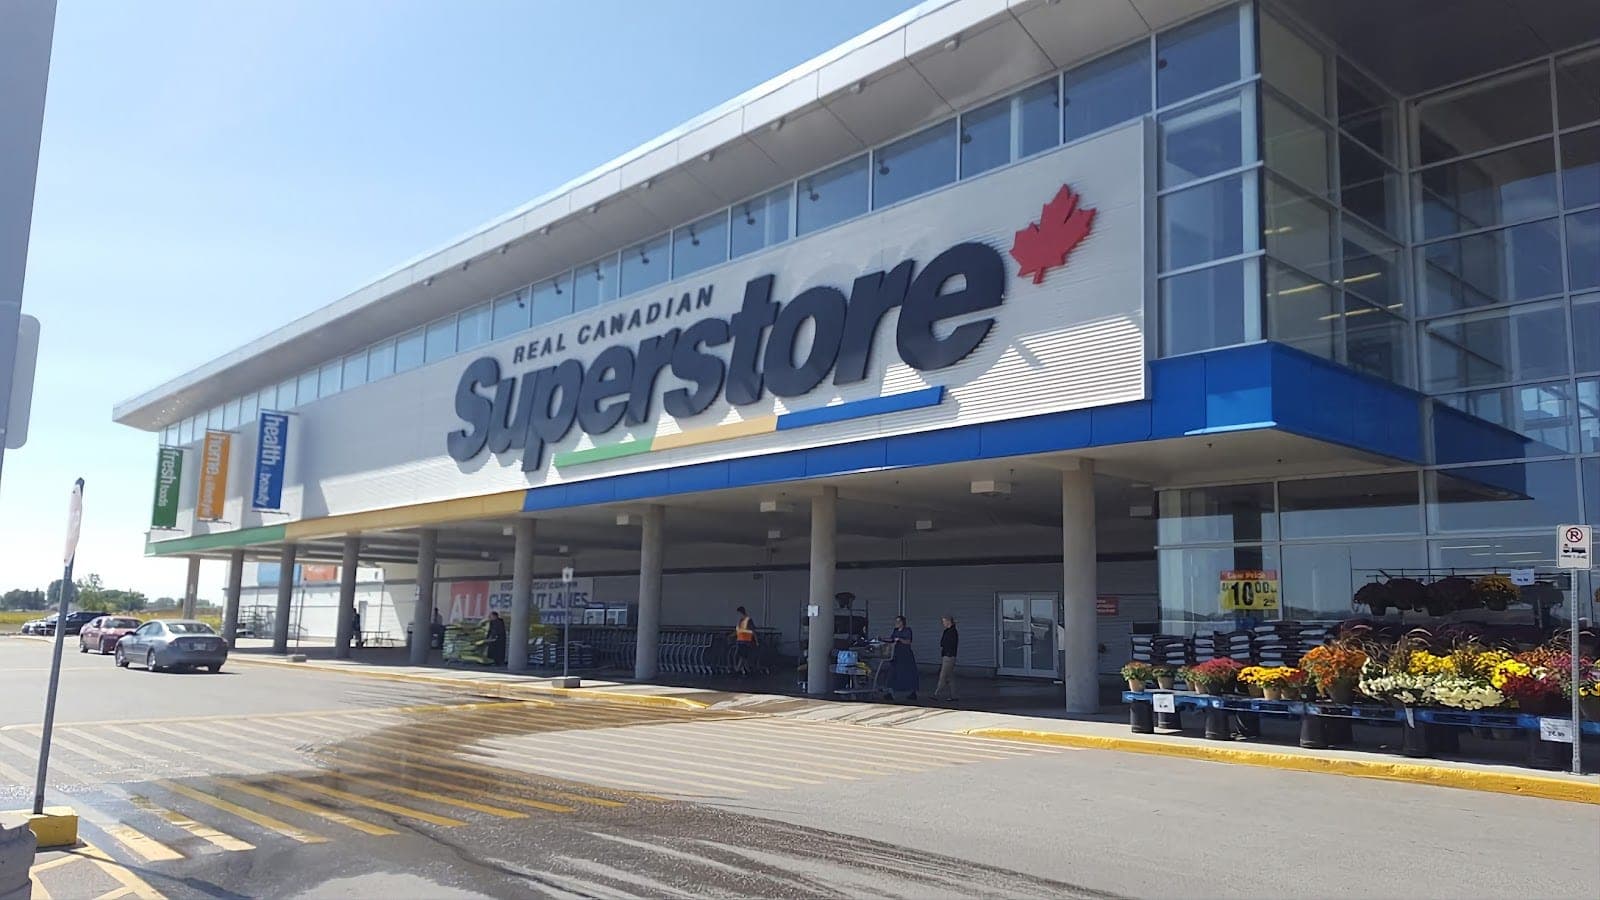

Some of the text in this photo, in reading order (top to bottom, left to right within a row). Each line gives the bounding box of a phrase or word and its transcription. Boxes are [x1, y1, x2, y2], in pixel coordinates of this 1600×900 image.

[513, 284, 714, 364] REAL CANADIAN
[447, 241, 1006, 472] Superstore
[261, 415, 284, 466] health
[160, 449, 179, 484] fresh
[450, 593, 485, 624] ALL
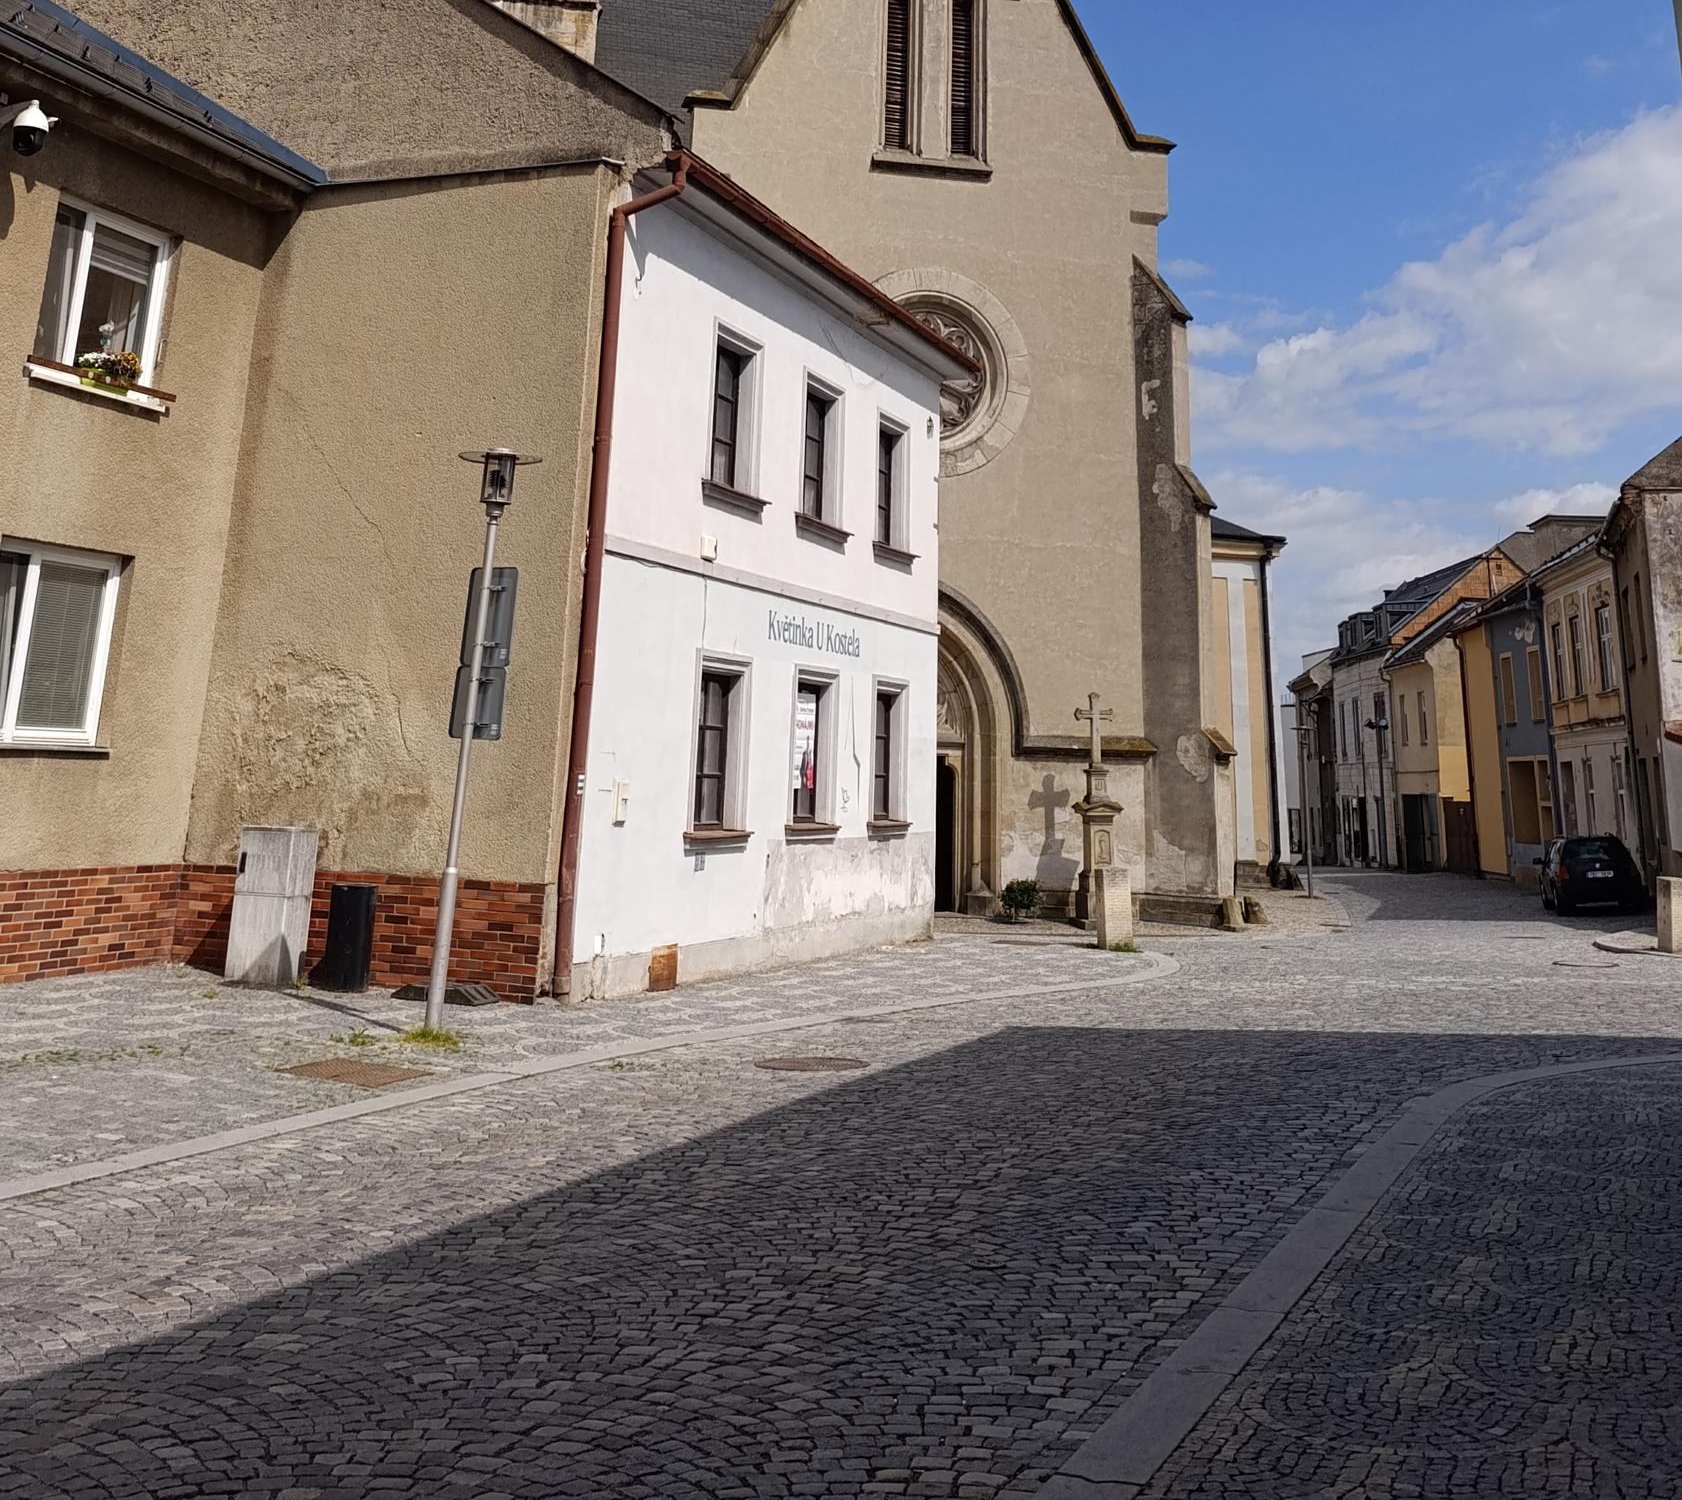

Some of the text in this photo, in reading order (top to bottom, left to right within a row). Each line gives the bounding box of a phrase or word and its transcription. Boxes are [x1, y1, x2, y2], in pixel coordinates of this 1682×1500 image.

[768, 610, 860, 658] Květinka U Kostela

################

Would you repeat the lines from the one containing "this 1682×1500 image." through the end of the data, exactly, with nothing before or after them?

- _Output of the task_:
Some of the text in this photo, in reading order (top to bottom, left to right within a row). Each line gives the bounding box of a phrase or word and its transcription. Boxes are [x1, y1, x2, y2], in pixel coordinates of this 1682×1500 image.

[768, 610, 860, 658] Květinka U Kostela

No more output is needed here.